Of course, the idea itself manifests a lack of understanding of patent law. Infringement of patent claims is a strict liability offense. It does not matter what the infringer thought or intended. Unless the patent owner is asserting willful infringement, there is simply no reason for the owner to assert the infringer "copied" the invention described in the claims. It's irrelevant. The question is simply: does the accused infringer's product or process fall within the scope of a claim of the asserted patent?
Nevertheless, Mike, not wanting to sound like the Harvard Business Review's "plagiarize with pride," tried to sugar-coat reality:
The truth is that it's very, very rare for a patent infringement lawsuit to actually involve a company that copied (or, as the patent system supporters would falsely claim, "stole") someone else's invention. Usually, it's about companies coming up with a similar offering independently.

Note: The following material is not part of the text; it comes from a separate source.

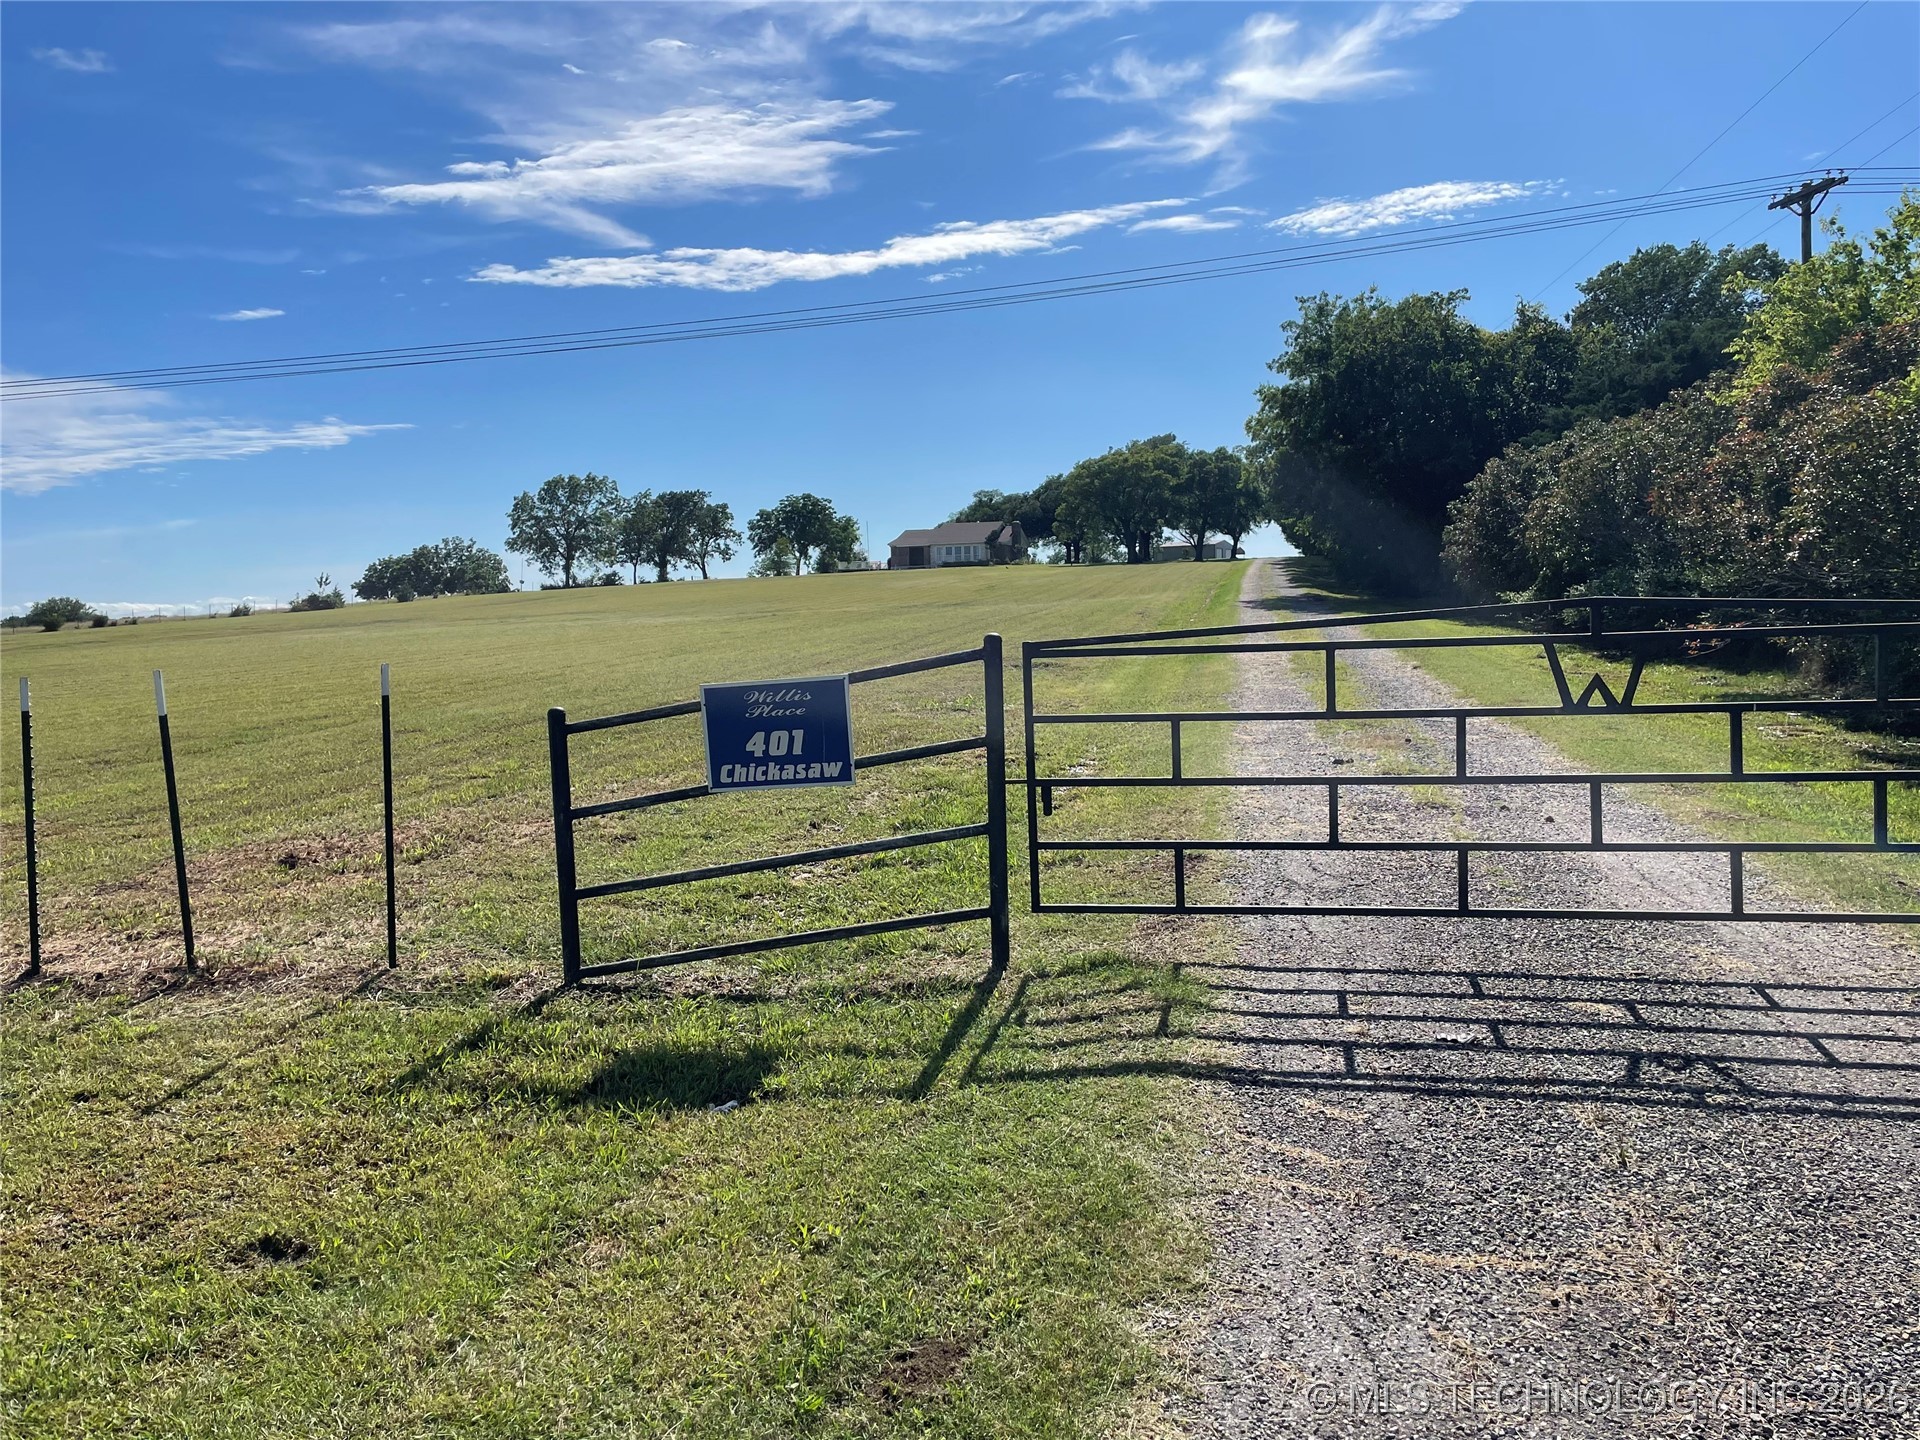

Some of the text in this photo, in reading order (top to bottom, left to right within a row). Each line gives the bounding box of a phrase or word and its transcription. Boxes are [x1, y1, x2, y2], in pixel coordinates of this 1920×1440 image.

Of course, "independent creation" is not a defense to infringement in US patent law.
It's irrelevant. Further, a lot of the "independent" creation in the IT industry arises because the bosses tell the researchers NOT to read patents. Nothing like re-discovering the wheel.
As is usually the case, Mike Masnick is clueless. Writing --patent lawsuits are almost never about the actual copying of inventions, despite what patent supporters and lazy reporters might tell you --, he should note that IPBiz is telling him that proof of "copying" is irrelevant. Further, patent law is designed to discourage people who disregard the published literature and "independently" create what already existed. The Masnick world is a wasteful world in which people are forever re-doing previous work.
***Separately, from Dave Mason-->
"Everything stems from plagiarism — you learn from somebody and then you evolve and adopt it to your own style to make it unique. There are still only 26 letters and 12 notes with so many variations or themes — you bring your own perceptions and life experiences and it gives it something unique."